◆ THE PROBLEM ◆
Leave the pictures out and restate every line below exactly.

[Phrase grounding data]
┌──
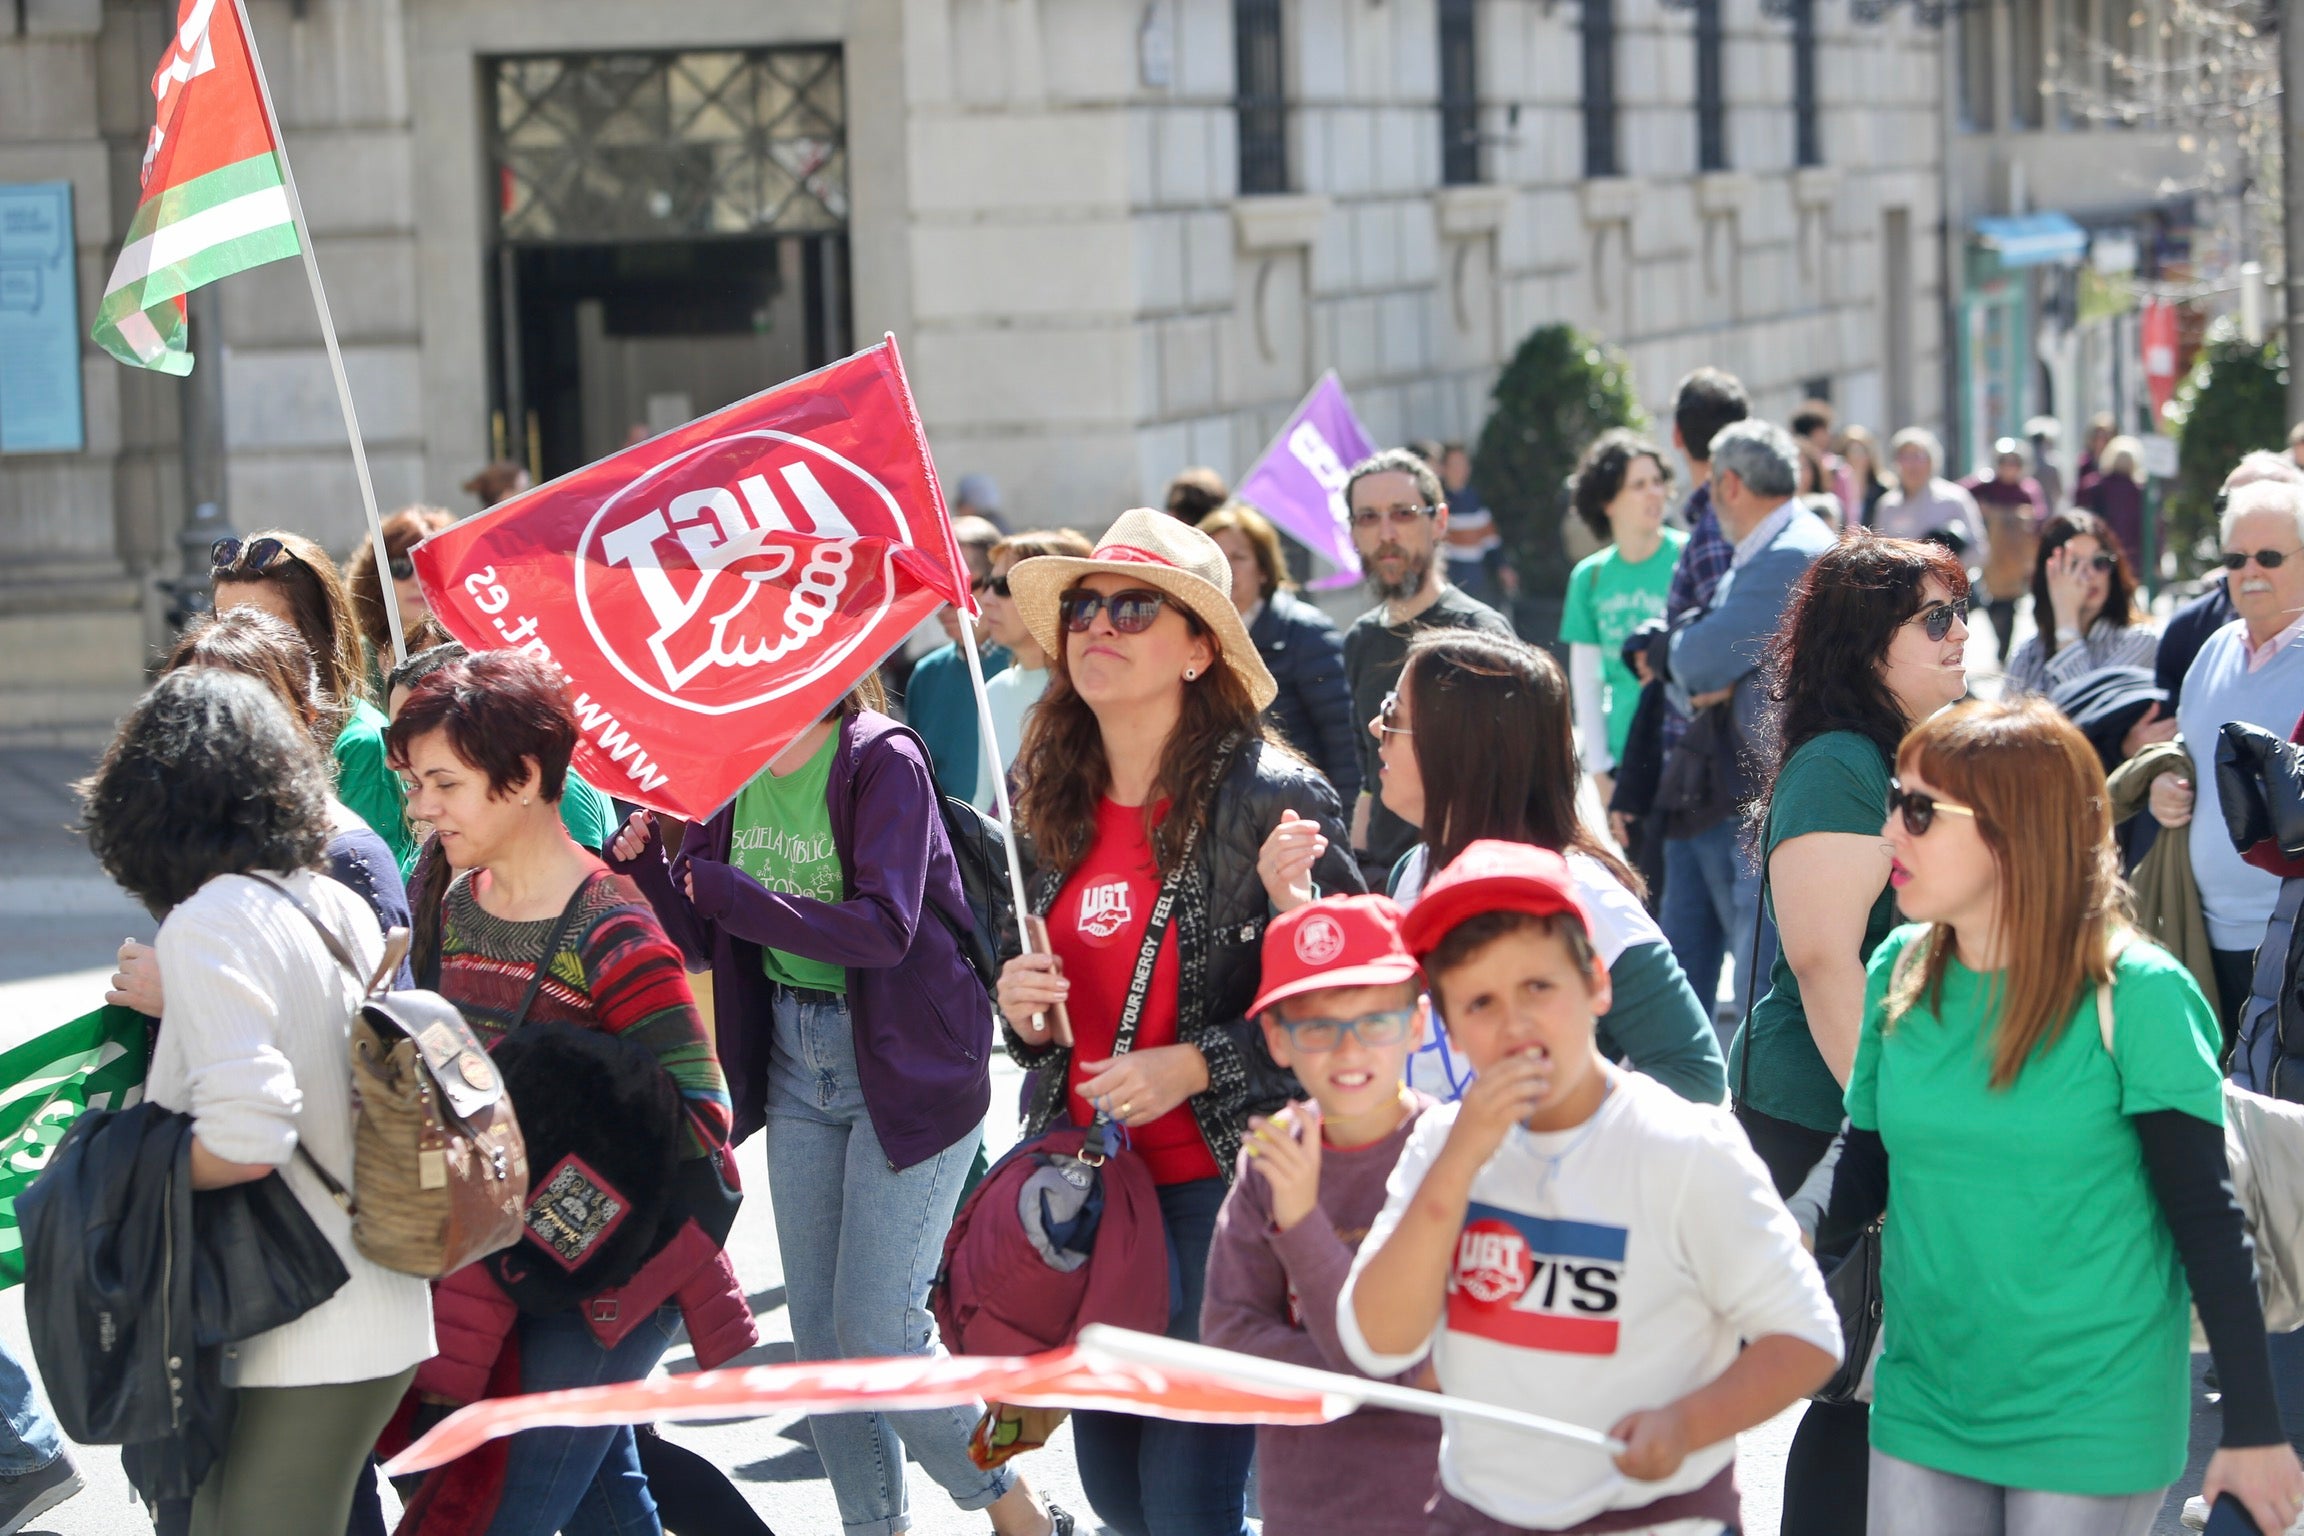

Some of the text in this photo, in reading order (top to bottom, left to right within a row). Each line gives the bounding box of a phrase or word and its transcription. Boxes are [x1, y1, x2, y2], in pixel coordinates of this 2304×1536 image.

[731, 826, 785, 856] SCUELA
[1080, 881, 1130, 918] UGT
[1119, 994, 1142, 1032] YOUR
[1131, 935, 1160, 994] ENERGY
[1151, 894, 1176, 928] FEEL
[1458, 1231, 1525, 1277] UGT
└──
◆ SOLUTION TO THE EXERCISE ◆
Some of the text in this photo, in reading order (top to bottom, left to right within a row). Each line gives the bounding box of a phrase or word and its transcription. Boxes are [x1, y1, x2, y2], in pixel coordinates of this 2304×1536 image.

[731, 826, 785, 856] SCUELA
[1080, 881, 1130, 918] UGT
[1119, 994, 1142, 1032] YOUR
[1131, 935, 1160, 994] ENERGY
[1151, 894, 1176, 928] FEEL
[1458, 1231, 1525, 1277] UGT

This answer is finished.